The ancient Stoics, those cheerful arbiters of fate, suggested that ageing gracefully requires cultivation from our earliest years. One imagines they might have added a footnote about cultivating a good orthopedist had they known what was coming. Their wisdom, however profound, couldn't have anticipated the peculiar challenges of ageing in a digital age, where every new technology arrives like a fresh insult to our declining learning curves.

Our collective inability to own the reality of geriatrics speaks volumes about our denial of ageing. It's as if we believe that by not studying it and acknowledging its universality, old age might somehow forget to come calling, like an unwanted dinner guest to whom we've deliberately failed to provide directions. Yet there's old Doctor Felix Silverstone, still practising his medicinal art well into his eighties, proving that adaptation and dignity are not mutually exclusive realities.

Our relationship with time itself changes as age brings with it a new awareness of time's finite nature, transforming each day into a careful calculation of energy expenditure versus potential reward. For the elderly, the simple decision to attend a social event becomes a complex algorithm involving weather conditions, driving distance, seating arrangements, and the likelihood of encountering stairs.

Memory, that fickle companion, plays its own peculiar games as we age. While we might struggle to recall a name to fit a familiar face, the lyrics to songs from decades ago emerge unbidden, complete with choreography we'd be wise not to attempt. Our brains, it seems, develop a perverse sense of priority, carefully preserving the second verse of some forgotten ditty while discarding such trivial information as where we left our keys.
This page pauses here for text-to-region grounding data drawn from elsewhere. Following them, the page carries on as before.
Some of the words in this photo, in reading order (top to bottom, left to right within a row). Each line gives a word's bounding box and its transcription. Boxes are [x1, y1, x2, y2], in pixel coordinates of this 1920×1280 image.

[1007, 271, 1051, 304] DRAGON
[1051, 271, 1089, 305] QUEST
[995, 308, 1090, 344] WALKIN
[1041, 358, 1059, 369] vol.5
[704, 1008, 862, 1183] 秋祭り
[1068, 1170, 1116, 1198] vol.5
The pharmaceutical industry, meanwhile, has transformed ageing into an endless parade of pill bottles, each promising to address some aspect of our decline while simultaneously introducing new and exciting side effects. The morning ritual of medication management requires the organisational skills of a military logistics expert and the dexterity of a safe-cracker. This plastic repository and its sliding compartments have become less of an accessory and more of a survival tool, with its little boxes holding the key to continued functionality.

The most poignant aspect of ageing is the gradual disappearance from the culture that once seemed to revolve around us. The world moves on with the relentless efficiency of a conveyor belt, leaving us to wonder who exactly Simon Harris is and why he matters. Yet this removal from the zeitgeist brings its own kind of freedom - the liberty to stop pretending we care about the latest trending hashtag or viral political posting.
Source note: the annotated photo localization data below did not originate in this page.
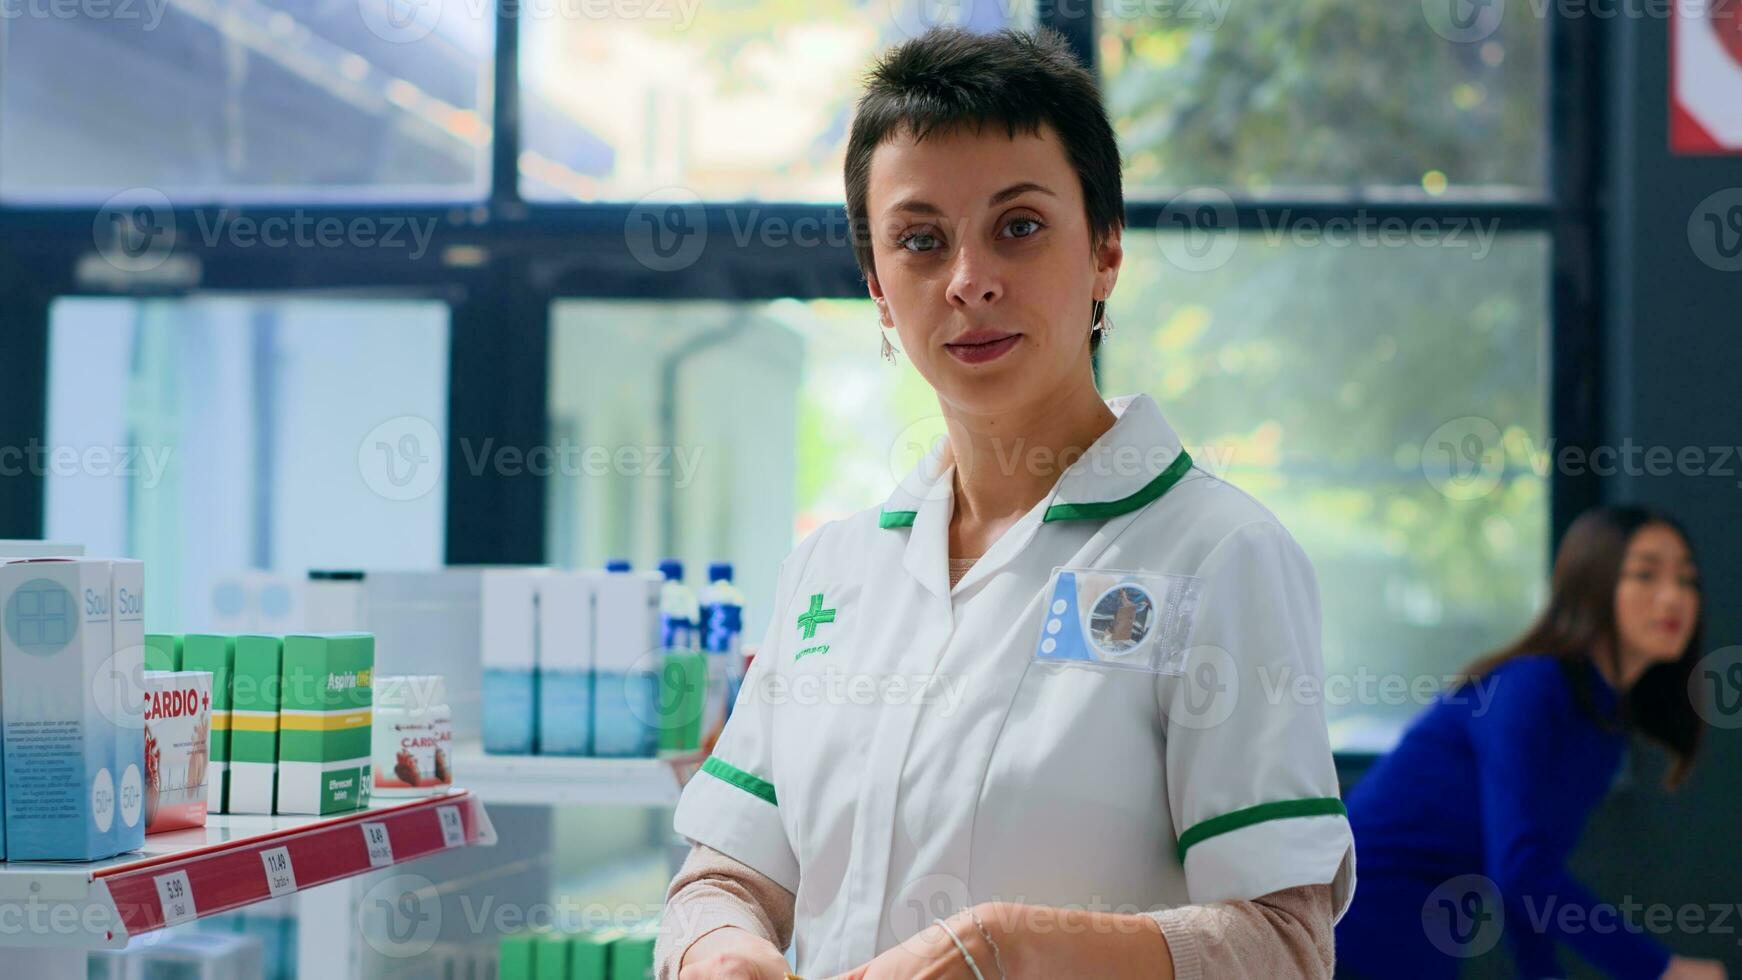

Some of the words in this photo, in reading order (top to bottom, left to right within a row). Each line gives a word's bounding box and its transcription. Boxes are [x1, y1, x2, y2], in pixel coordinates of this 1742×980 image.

[85, 588, 109, 616] Soul
[119, 587, 143, 615] Soul
[327, 671, 357, 692] Aspirin
[144, 688, 199, 720] CARDIO
[360, 774, 371, 796] 30
[122, 785, 140, 809] 50+
[268, 853, 287, 873] 11.49
[166, 878, 184, 900] 5.99
In the end, for those with a robust constitution, ageing is less about decline and more about transformation. We may trade speed for wisdom, the impulse for consideration, and the frenetic energy of youth for something more measured and, perhaps, more meaningful. The best attitude, it seems, is to embrace this metamorphosis with the same spirit of adventure that once propelled us through our youth - just with outrageously more expensive health insurance and comfortable shoes.

As I observe my elders navigate their golden years with resigned precision, I'm reminded that ageing is certainly not for the faint of heart. It requires courage, humour, and the ability to keep one's dignity in the face of an ever-increasing dependency, providing life's final masterclass in adaptation, a daily exercise in finding new ways to accomplish old tasks, and, ultimately, a testament to the resilience of the human spirit.

So here's to growing old disgracefully, finding humour in the face of entropy, and treating each day as an adventure in creative problem-solving, hopefully aided and abetted by a loved one or at least a kind and sympathetic carer. After all, what is age but a reminder that we've successfully avoided all other alternatives? And if we must go gently to our dotage, let's do it with style, wit, and a marvellously awkward exit from an extended stay in the loo.